In a decade from now, one in five of the UK’s population will be aged 65 or over, and in 50 years’ time, this age group will have increased by 8.6 million, roughly the population of London. In this time of unprecedented change, the wealthiest segment of our population today is aged over 50 —The McKinsey Global Institute (MGI) has noted that individuals in the 75-plus age group are now spending more on average than younger consumers.

A new trend in housing

Although they tend to be more financially secure, older generations struggle to find social care and suffer from loneliness and isolation, while younger generations struggle to find affordable and available homes. No matter what age we are, our homes contribute to our mental wellbeing – our feeling of safety, identity and the quality of our social interactions.

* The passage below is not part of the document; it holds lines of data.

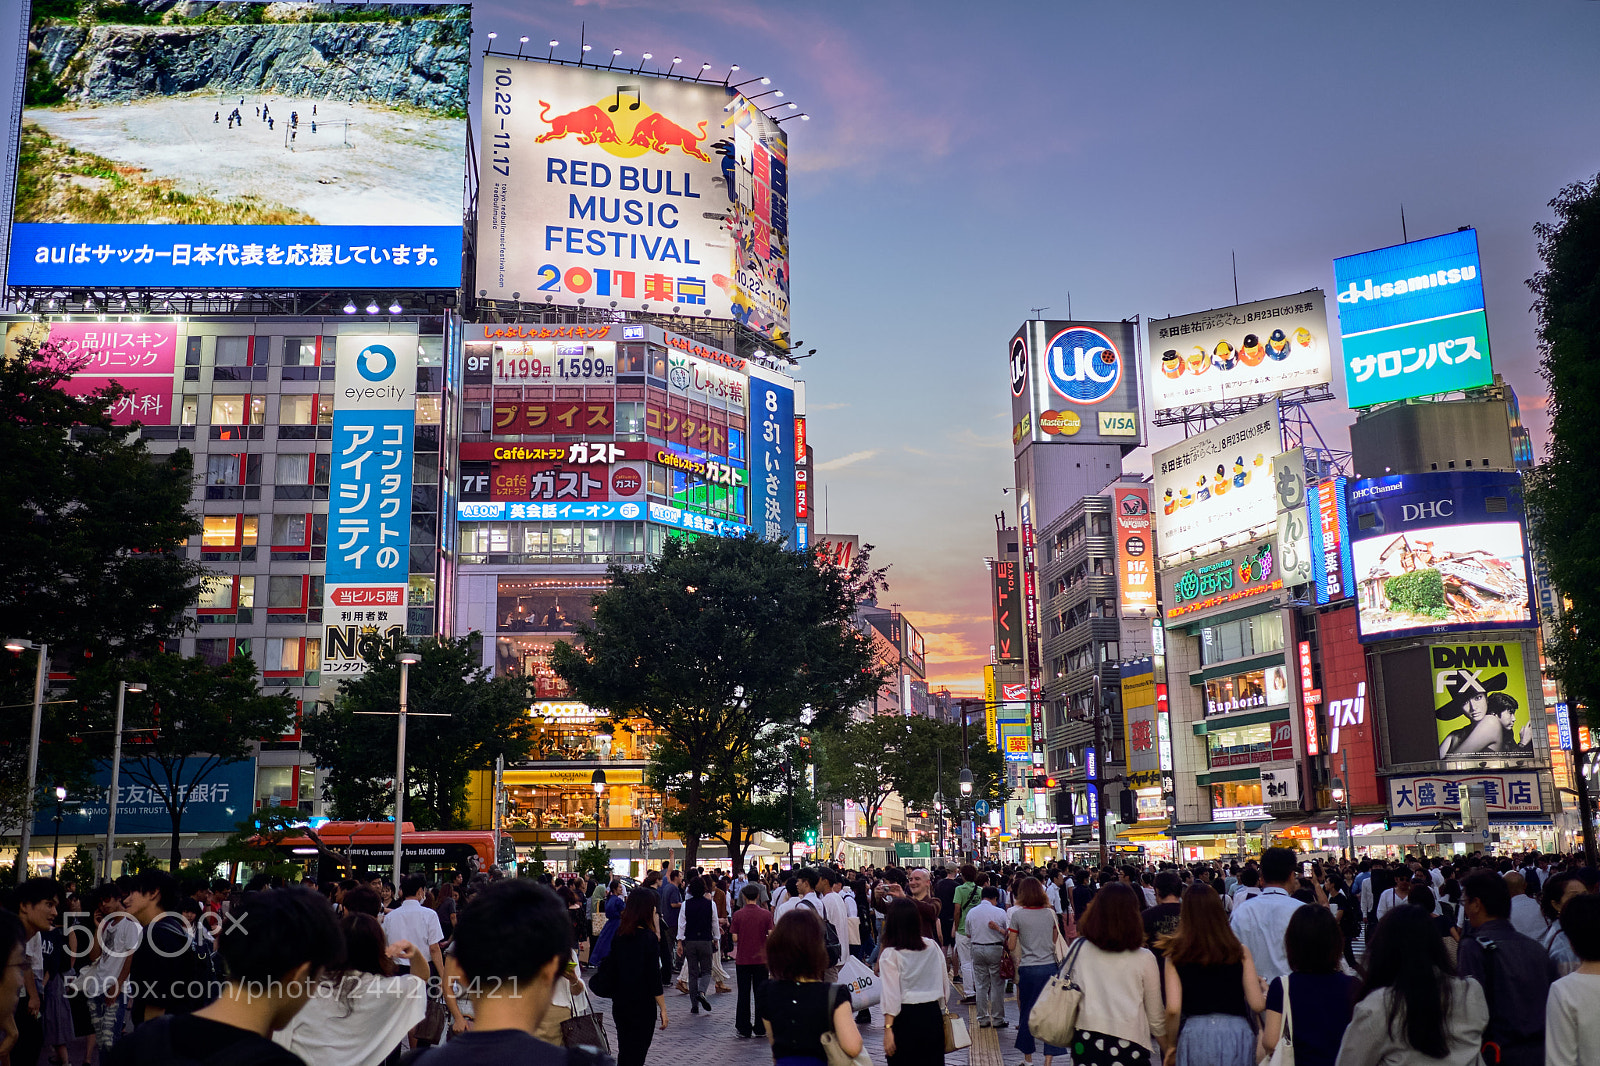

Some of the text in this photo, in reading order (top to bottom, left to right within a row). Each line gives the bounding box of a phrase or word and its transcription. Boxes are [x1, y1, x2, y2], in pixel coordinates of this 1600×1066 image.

[546, 157, 700, 199] RED BULL
[569, 193, 679, 229] MUSIC
[545, 225, 700, 265] FESTIVAL
[34, 243, 439, 268] auはサッカー日本代表を応援しています。
[536, 264, 636, 299] 2017
[644, 273, 706, 305] 東京
[1337, 265, 1476, 304] Hisamitsu
[82, 332, 168, 349] 品川スキン
[484, 325, 611, 339] しゃぶしゃぶバイキング
[80, 350, 158, 367] クリニック
[467, 356, 489, 371] 9F
[1053, 346, 1115, 383] UC
[1350, 336, 1481, 383] サロンパス
[496, 358, 551, 381] 1,199円
[557, 358, 614, 381] 1,599円
[345, 385, 405, 402] eyecity
[695, 369, 742, 402] しゃぶ葉
[495, 405, 612, 428] プライス
[1040, 418, 1081, 427] MasterCard
[1103, 418, 1135, 430] VISA
[647, 408, 725, 447] コンタクト
[568, 442, 625, 464] ガスト
[462, 475, 489, 492] 7F
[496, 474, 527, 487] Café
[706, 460, 742, 487] ガスト
[530, 471, 602, 499] ガスト
[616, 480, 639, 489] ガスト
[1353, 481, 1403, 499] DHC Channel
[338, 425, 403, 569] コンタクト アイシティ
[463, 506, 498, 517] AEON
[510, 503, 615, 519] 英会話イーオン
[653, 506, 678, 522] AEON
[1401, 499, 1454, 522] DHC
[1200, 567, 1233, 596] 西村
[340, 590, 399, 603] 当ビル5階
[341, 611, 388, 622] 利用者数
[1432, 625, 1449, 633] DHC
[1432, 645, 1509, 668] DMM
[1436, 669, 1486, 693] FX
[1208, 694, 1264, 713] Euphoria
[1273, 724, 1291, 744] JTB
[1010, 737, 1026, 752] 薬
[139, 806, 163, 814] TRUST
[165, 806, 188, 814] BNK
[405, 848, 417, 856] bus
[418, 848, 446, 856] HACHIKO

Inter-generational living is a win-win solution, and recent research suggests it is on the rise. According to the Office of National Statistics, around 6.8 per cent of households in the UK (1.8 million homes) were multi-generational in 2019, and 125,000 new families are set to embrace this trend every year. Courting this new, blended consumer group needs foresight and flexibility from the building trade, and a focus on homes that can be adapted to changing needs as we age.

Age-inclusive design

According to housing research agency the NHBC Foundation, British builders need to look to Asian countries, where new-build housing aimed at multiple generations is considered a market in its own right. Construction techniques such as modular housing with moveable walls are popular, as they allow for flexible living spaces that can be expanded, contracted and customised as requirements for space change. Innovative new materials are favoured as they can play a role in the circular economy by being recycled or re-used.

Another critical element for a house designed for intergenerational living is a home lift. In Asia, accessibility is not seen as a requirement exclusive to the older generation. The convenience of a home lift to access different floors is considered just as valuable to young parents with small children, for example, as a matriarch or patriarch confined to a wheelchair. A lift with a modular design that can be customised, extended up to an additional floor, moved or even recycled is seen as important in order to future-proof a home in the long term. It will both add value for the homeowner, and will help the developer attract capital investment at an earlier age.

A new, collaborative approach

With so many stakeholders involved in the design of a new home, collaboration, inclusive design and customisation are key when it comes to deciding the layout of the house and elements within it. The inter-generational family home needs the option of areas or floors designated to different generations that can be modified over time, with a mix of private spaces (bedrooms, bathrooms and rooms for entertaining guests) linked to communal ones for family meals, for example. The technology and cabling embedded within the building will need to be adaptable as smart home systems evolve beyond energy automation and security, to include improved voice recognition and health and wellbeing monitors.

Beyond the functionality of the building, customisable design elements to suit every member of the family will make a new-build much more saleable and desirable. The humble home lift, for example, should be so much more than a metal box that moves between floors. It should be a ‘canvas’ for personalised artwork, with adaptable lighting to suit a mood or interior, and it needs to be either showcased like a prized piece of furniture or cleverly disguised behind bookcases.

Housebuilders need to wise up to the new marketing trend of customer experience – or ‘CX’ – which courts consumers of every age and considers their long-term needs. Research conducted by the NHBC Foundation found that multigenerational households do not require vastly different layouts to many homes already being built, they just need foresight from the housebuilders on how we will all be living in the future.